(LXXX.)
Die Friedfertigen.

[290] Selig sind die Friedfertigen / sagt unser Heiland / dann sie werden das Erdreich besitzen. Die grösten Flüsse lauffen friedlich und still daher: Die kleinen Bäche aber vessern und schlürffen in den steinigen Wegen. Freundlichkeit machet Friede / und ein hartes Wort findet einen harten Widersprecher / wie wir aus folgender Erzehlung hören wollen.

2. Keine Statt ist in welcher sich mehr innerliche Unruhen begeben / als in Genua / die viel vornehme Häuser haben mehrmahls ům die Freyheit ihres Regiments gestritten / das sonderlich in Gefahr gestanden / als die Fregosi und Fieschi sich mit ihren Anhängern rottiret. Die Fieschi wolten nicht geschehen lassen / daß Johann Fregosus zum Hertzogen erwehlet würde / und haben mit den Andoruis ihren Gesippten / sich so beharrlich widersetzet / daß der besagte Hertzog entschlossen / Hieronymum / der Fieschen Haupt / hinrichten zu lassen.
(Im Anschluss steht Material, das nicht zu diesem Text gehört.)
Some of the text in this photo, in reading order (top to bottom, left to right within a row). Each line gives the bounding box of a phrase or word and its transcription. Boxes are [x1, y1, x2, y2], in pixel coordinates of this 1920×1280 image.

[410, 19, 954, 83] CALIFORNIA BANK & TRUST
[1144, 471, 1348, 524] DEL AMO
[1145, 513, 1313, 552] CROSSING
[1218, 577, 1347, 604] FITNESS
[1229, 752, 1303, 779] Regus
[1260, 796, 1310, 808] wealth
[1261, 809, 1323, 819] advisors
3. Octavian / deß Hertzogen Bruder / wolte diesen mörderischen Anschlag nicht billichen / und erwiese bey der Berathschlagung / daß solche Meuchellist wider Gott und den Nechsten einen traurigen Außschlag gewinnen můste. Ungeacht aber dieses Bedenckens / ist Octavian überstimmet / die That auff gut Italianisch angeschicket / die Mörderbuben gemiedet /[290] unnd ihnen Gelt auff die Hände gegeben worden.
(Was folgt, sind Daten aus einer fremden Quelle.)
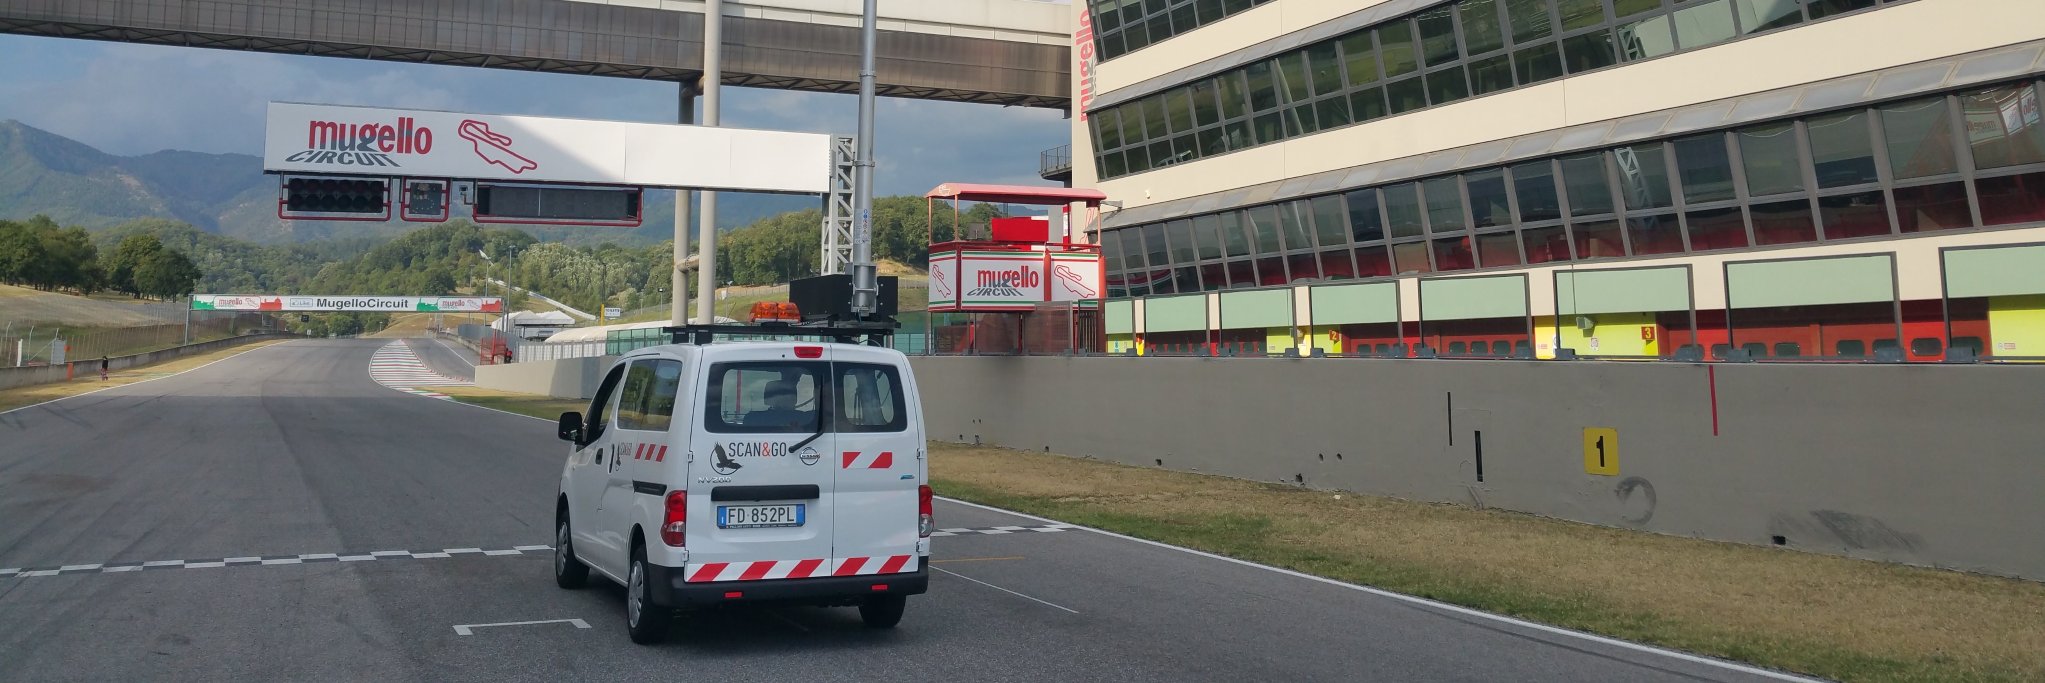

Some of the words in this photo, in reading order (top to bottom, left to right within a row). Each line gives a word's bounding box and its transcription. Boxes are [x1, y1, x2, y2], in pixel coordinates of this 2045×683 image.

[309, 117, 433, 155] mugello
[285, 149, 402, 168] CIRCUIT
[977, 265, 1039, 288] mugello
[966, 286, 1024, 297] CIRCUIT
[316, 298, 409, 310] MugelloCircuit
[1645, 327, 1652, 339] 3
[728, 441, 787, 458] SCAN&GO
[1596, 435, 1605, 468] 1
[697, 476, 732, 484] NV200
[728, 508, 745, 523] FD
[751, 507, 795, 523] 852PL
4. Octavian hatte keinen Gefallen ab solcher Verhandlung / und weil er auff seiner Seiten / diesen Rathschlag nicht hindern und unterbrechen mögen / lässet er Hieronymū wissen / daß er sich solte hüten / und sich nit mehr auff dem Rathhauß betretten lassen / weil etliche bestellet / welche laurten ihn zu tödten. Hieronymus bedancket sich der wolgemeinten Warnung / will aber keine Zagheit erweisen / und sich den gemeinen Zusammenkunfften entziehen; sondern hintertreibt des Hertzogen Rathschläge wie zuvor ohne Scheu und Furcht.
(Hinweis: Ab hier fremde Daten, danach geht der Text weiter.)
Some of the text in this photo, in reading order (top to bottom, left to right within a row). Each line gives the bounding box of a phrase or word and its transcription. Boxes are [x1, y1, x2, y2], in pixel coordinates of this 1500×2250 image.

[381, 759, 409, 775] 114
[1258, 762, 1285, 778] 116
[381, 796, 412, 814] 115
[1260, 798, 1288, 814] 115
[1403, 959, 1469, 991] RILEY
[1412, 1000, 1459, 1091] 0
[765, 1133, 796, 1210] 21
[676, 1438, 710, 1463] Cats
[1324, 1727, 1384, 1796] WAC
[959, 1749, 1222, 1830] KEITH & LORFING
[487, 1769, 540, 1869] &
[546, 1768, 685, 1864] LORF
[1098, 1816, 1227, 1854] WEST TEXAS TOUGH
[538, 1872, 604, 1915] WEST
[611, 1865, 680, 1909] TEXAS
5. Als er einsten von dem Rathhauß herab gienge / wird er unversehens todt gestochen / und weil einer von den Thätern Handfest gemacht und an die Marterbanck oder Folter geworffen worden / hat er bekennet / von wem er gedinget und solches zu thun befehlcht gewesen. Hierüber kommt die gantze Statt in Waffen / und waren die Fieschi die stärcksten / daß auch der Hertzog mit vielen andern / so ihme bey gestanden getödet worden.

6. Bey so beschaffenen Sachen fluchten die Fregosi zu den Spaniern / wie die Fieschi bey den Frantzosen Hülffe suchten. Inzwischen schreiten sie zu der Wahl eines andern Hertzogs / und wird erkiest Antoni Andräe / einer auß der Fieschen Anhang / wie gesagt. Als aber bald hernach die Fratzosen in Navarra geschlagen worden / haben sich die Spanier ihres Siegs gebraucht / und ihre Macht gegen Genua gewendet.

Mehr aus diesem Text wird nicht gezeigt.